From Alexander Hamilton

N. York Oct. 21st 1799

Dear Sir

On my return from Trenton, the day before yesterday, I found your private letter of the 13th as well as yr public letter of the 15th instant.

The News papers have probably informed you that poor Avery is dead of the yellow fever.1

The President has resolved to send the commissioners to France notwithstanding the change of affairs there. He is not understood to have consulted either of his Ministers; certainly not either the Secy of War or of Finance. All my calculations lead me to regret the measure. I hope that it may not in its consequences involve the United States in a war on the side of France with her enemies.2 My trust in Providence which has so often interposed in our favour, is my only consolation. With great respect &c.
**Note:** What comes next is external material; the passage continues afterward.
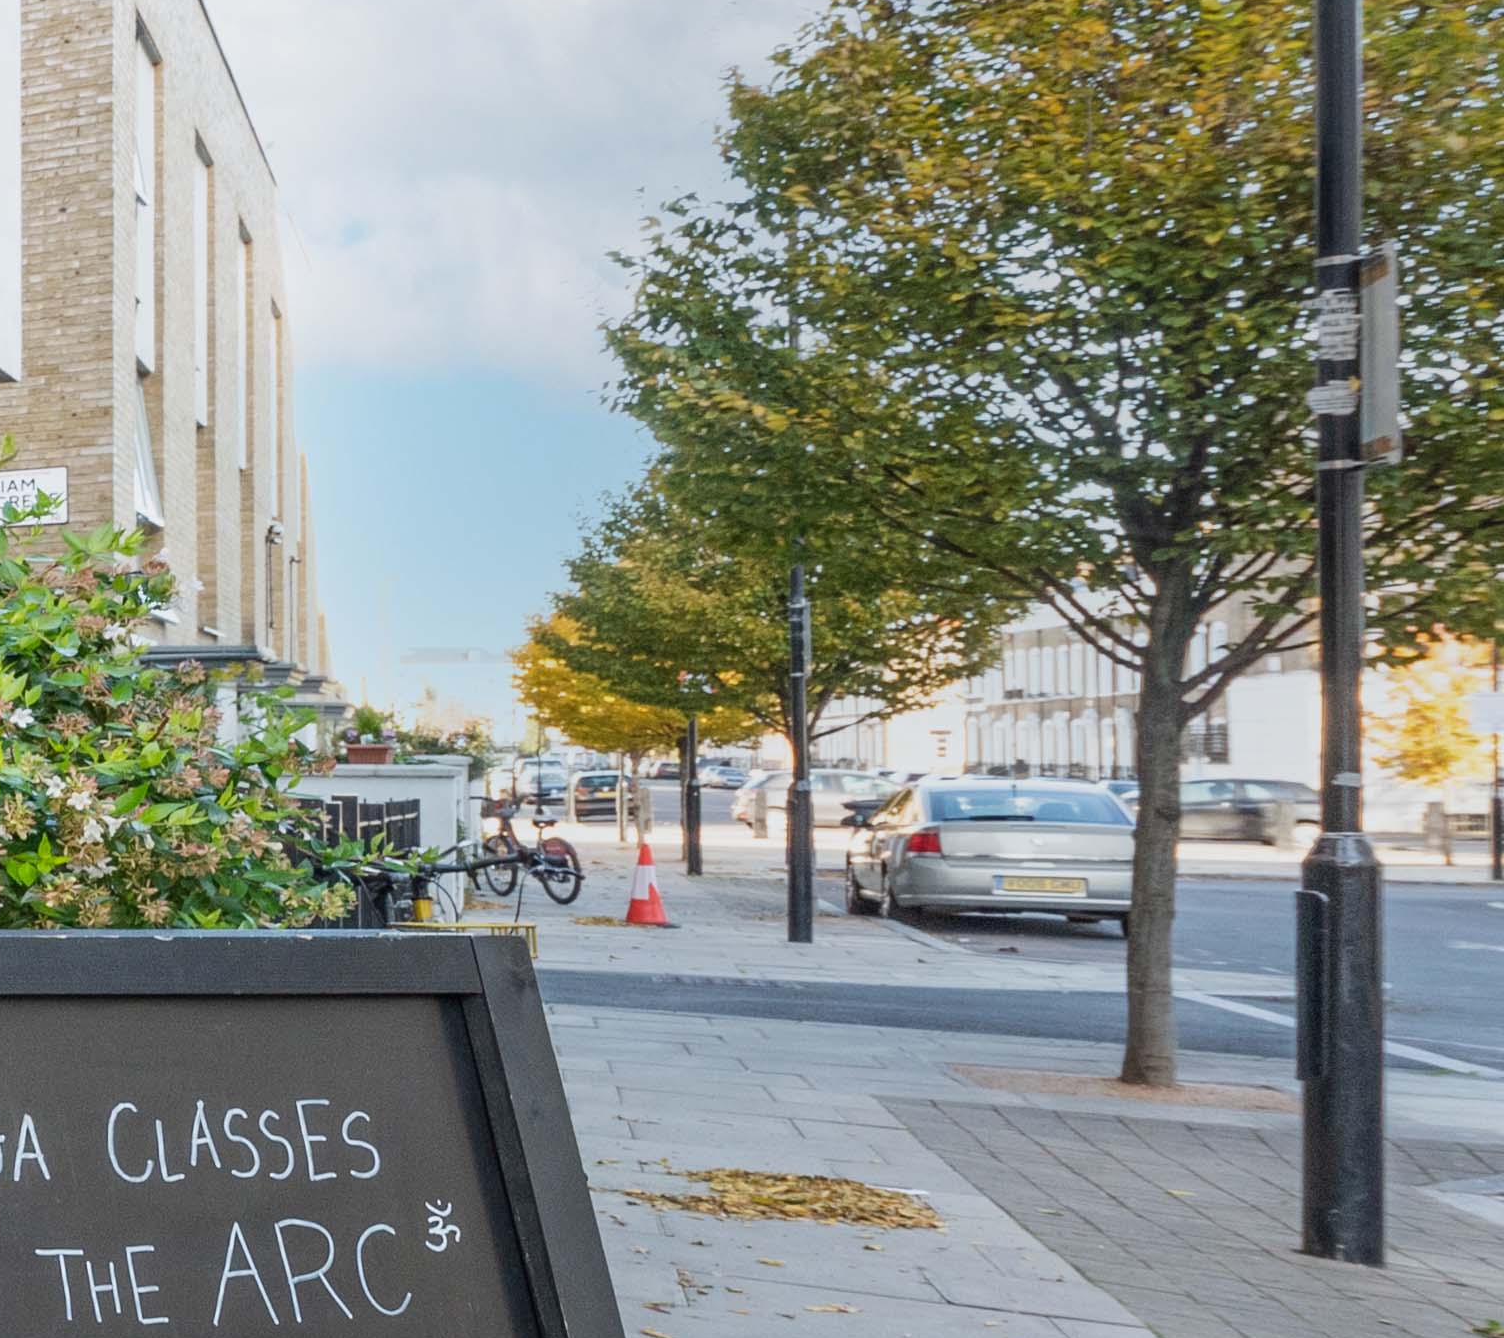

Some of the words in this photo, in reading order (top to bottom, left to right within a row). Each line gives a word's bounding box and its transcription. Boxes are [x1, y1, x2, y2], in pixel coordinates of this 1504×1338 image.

[107, 1098, 381, 1183] CLASSES
[34, 1244, 170, 1325] THE
[211, 1218, 412, 1327] ARC
Copy, DLC: Hamilton Papers.

1GW wrote Hamilton on 13 Oct. to inquire about John Avery, to whom he hoped to rent his new houses in the Federal City. See GW to Avery, 25 Sept., n.3.

2It was on 16 Oct. that John Adams ordered Secretary of State Timothy Pickering to instruct Oliver Ellsworth and William R. Davie, who had been appointed in February 1799, to sail for France by 1 Nov. and join William Vans Murray as the three U.S. envoys to France. For John Adams’s later account of Hamilton’s attempt at this time to persuade him not to send the two ministers plenipotentiary to France, see Hamilton to GW, 21 Oct., n.2, in Syrett, Hamilton Papers, description begins Harold C. Syrett et al., eds. The Papers of Alexander Hamilton. 27 vols. New York, 1961–87. description ends 23:545–47.